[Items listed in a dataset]
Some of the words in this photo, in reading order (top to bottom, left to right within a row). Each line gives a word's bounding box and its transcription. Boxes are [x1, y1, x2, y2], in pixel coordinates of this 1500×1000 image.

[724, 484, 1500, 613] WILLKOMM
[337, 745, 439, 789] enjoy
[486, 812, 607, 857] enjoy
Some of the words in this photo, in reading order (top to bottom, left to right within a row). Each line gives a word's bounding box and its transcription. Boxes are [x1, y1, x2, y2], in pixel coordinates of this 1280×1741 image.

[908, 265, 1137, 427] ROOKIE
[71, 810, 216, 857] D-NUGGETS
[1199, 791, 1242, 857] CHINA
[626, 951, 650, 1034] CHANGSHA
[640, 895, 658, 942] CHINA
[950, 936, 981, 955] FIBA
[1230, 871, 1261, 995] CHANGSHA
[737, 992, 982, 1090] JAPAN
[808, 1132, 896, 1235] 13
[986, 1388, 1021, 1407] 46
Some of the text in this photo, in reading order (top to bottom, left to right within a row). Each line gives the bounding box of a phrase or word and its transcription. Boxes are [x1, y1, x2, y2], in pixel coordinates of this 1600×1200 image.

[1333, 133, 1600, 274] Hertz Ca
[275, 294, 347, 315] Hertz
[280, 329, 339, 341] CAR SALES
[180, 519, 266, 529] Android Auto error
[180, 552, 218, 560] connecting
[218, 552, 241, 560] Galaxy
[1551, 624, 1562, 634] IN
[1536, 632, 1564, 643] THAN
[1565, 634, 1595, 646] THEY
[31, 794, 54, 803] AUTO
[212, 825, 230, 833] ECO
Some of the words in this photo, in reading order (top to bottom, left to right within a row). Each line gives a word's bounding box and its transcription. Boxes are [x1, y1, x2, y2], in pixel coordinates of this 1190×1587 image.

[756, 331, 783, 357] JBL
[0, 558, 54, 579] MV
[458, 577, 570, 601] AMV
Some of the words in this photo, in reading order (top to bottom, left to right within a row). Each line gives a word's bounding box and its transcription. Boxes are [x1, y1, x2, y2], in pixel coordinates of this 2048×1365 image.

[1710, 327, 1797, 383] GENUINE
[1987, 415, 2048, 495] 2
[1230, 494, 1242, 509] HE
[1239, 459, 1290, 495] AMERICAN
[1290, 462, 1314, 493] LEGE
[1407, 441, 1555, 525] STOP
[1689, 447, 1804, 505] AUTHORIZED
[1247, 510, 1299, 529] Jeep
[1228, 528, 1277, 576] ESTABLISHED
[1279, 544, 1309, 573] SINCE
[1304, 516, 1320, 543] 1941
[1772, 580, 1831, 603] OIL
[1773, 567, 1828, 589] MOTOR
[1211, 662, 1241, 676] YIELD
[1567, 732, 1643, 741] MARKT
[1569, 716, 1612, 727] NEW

What this task involves
From the line that contains "this 2048×1365 image." down to the last line above, print each line exactly as it appears.

Answer
Some of the words in this photo, in reading order (top to bottom, left to right within a row). Each line gives a word's bounding box and its transcription. Boxes are [x1, y1, x2, y2], in pixel coordinates of this 2048×1365 image.

[1710, 327, 1797, 383] GENUINE
[1987, 415, 2048, 495] 2
[1230, 494, 1242, 509] HE
[1239, 459, 1290, 495] AMERICAN
[1290, 462, 1314, 493] LEGE
[1407, 441, 1555, 525] STOP
[1689, 447, 1804, 505] AUTHORIZED
[1247, 510, 1299, 529] Jeep
[1228, 528, 1277, 576] ESTABLISHED
[1279, 544, 1309, 573] SINCE
[1304, 516, 1320, 543] 1941
[1772, 580, 1831, 603] OIL
[1773, 567, 1828, 589] MOTOR
[1211, 662, 1241, 676] YIELD
[1567, 732, 1643, 741] MARKT
[1569, 716, 1612, 727] NEW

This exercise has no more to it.